IHOP hasn't changed its outreach drastically, though it did fine-tune some of its wording "to just make sure it was clear that we weren't getting out of the breakfast business," says Rebelez. "There was a little bit of an overreaction to that and so we just wanted to make sure that everyone was clear … we're always going to be committed to our breakfast. We're always going to be called IHOP."
IHOP knew that before it tried to win over customers, it had to convince the franchisees that operate its restaurants that the effort made sense.
"There was a reluctance at first from the franchisees because the brand has made a couple different runs at promoting P.M.-type offers in the past and they've typically fallen flat," says Rebelez. "We knew we were going to have to do something different."
As franchisees heard more about the plan, "they were cautiously optimistic" but also nervous, says Rebelez. Training and an early rollout of the new patties helped the chain prepare. And then IHOP needed to do something to get people talking about the burgers. Hence, the major pre-launch buzz and campaign from Droga5.
When IHOP teased the name change a week before the reveal, more than 70 percent of people guessed the seemingly safe bet of "breakfast," while plenty of others chose words like bacon and brunch, says Rebelez. Less than 10 percent of people guessed the "b" would be for burgers. To grow its business, though, IHOP sees a need to bring more diners in, more often, particularly during lunch and dinner times, when burgers are the go-to item.

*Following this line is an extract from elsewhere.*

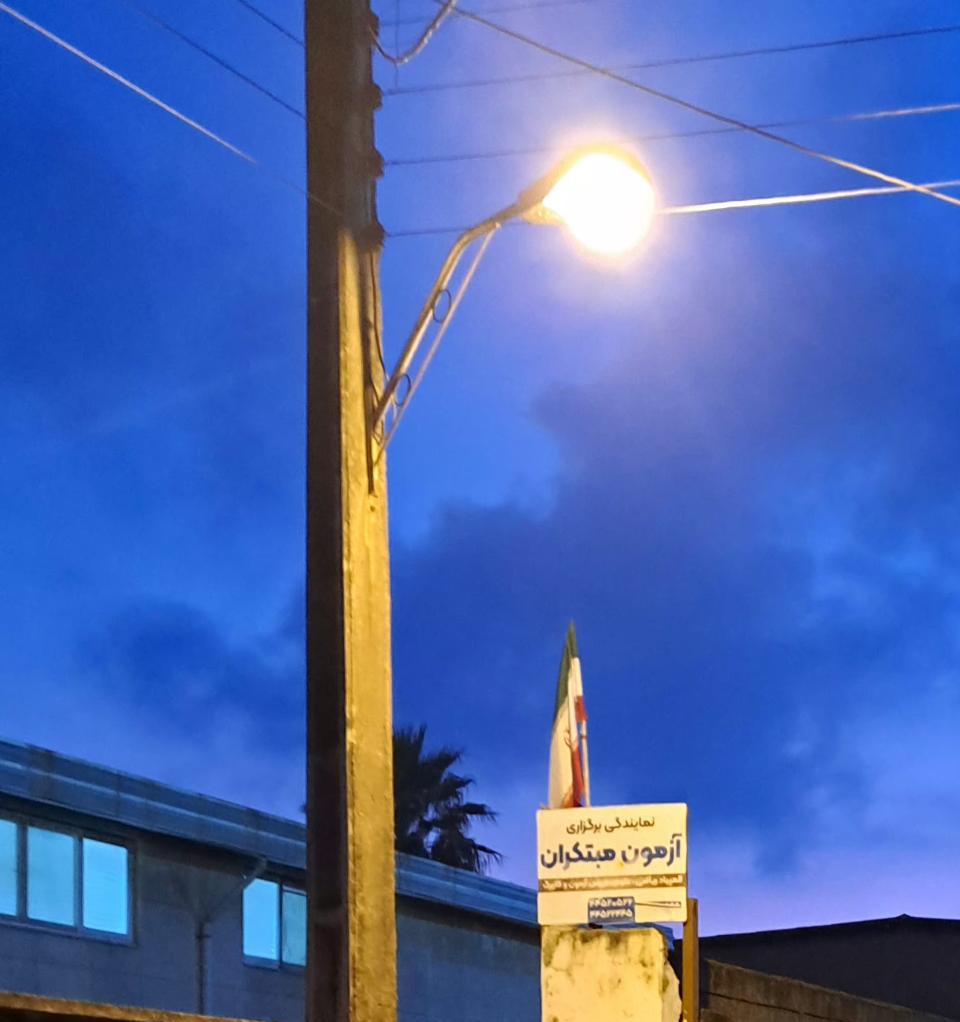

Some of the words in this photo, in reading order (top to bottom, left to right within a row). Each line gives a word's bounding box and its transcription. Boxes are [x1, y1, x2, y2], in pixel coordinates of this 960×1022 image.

"We have so much credibility but then that kind of falls off when you get to lunch and dinner," says Rebelez. "We just want to give more people reasons to come more often."
IHOP wants to prove that it can take burgers as seriously as it takes pancakes. Early reviews have been favorable.
The burger overhaul comes after Rebelez joined IHOP in 2015, followed by Nevielle Panthaky as VP of culinary in 2016, and former CKE CMO Brad Haley as CMO in 2017.
There were 1.8 Million mentions of IHOB and 1 million mentions of IHOP on Twitter from June 1 through the afternoon of June 13, according to social media management company Sprinklr.
Sure, not every tweet has been positive. But that's ok.
"Probably my least favorite was the Wendy's response, but that's fine," Rebelez says of the line: "Can't wait to try a burger from the place that decided pancakes were too hard."
Can't wait to try a burger from the place that decided pancakes were too hard.
— Wendy's (@Wendys) June 11, 2018
"On the flip side of that, the fact that everybody in the burger business is talking about our burgers and us, I think, was kind of cool."
IHOP was the second-biggest trending global topic on Twitter on Monday, even with the then-pending meeting between U.S. President Donald Trump and North Korea's Kim Jong Un. In the U.S., the chain held the No. 1 spot (IHOP), No. 2 (IHOB) and No. 4 (International House), Rebelez notes. There were 86,000 tweets per hour at the peak on Monday, according to IHOP.
The fun was had. By Wednesday, Burger King had reverted back to being @BurgerKing rather than @PancakeKing, the handle it used earlier in the week. And IHOP was no longer trending.
There have also been about 15,000 media stories, roughly three times as many as IHOP got this year for its biggest day, National Pancake Day. Now, its job is to continue that momentum and translate it into sustainable sales growth.
"I don't know if there's any one single competitor that I'd say I'm really worried about," says Rebelez, while noting IHOP most often gets compared to Denny's. "It's really more the preponderance of new options and opportunities for people to go and experiment that is probably the single biggest threat."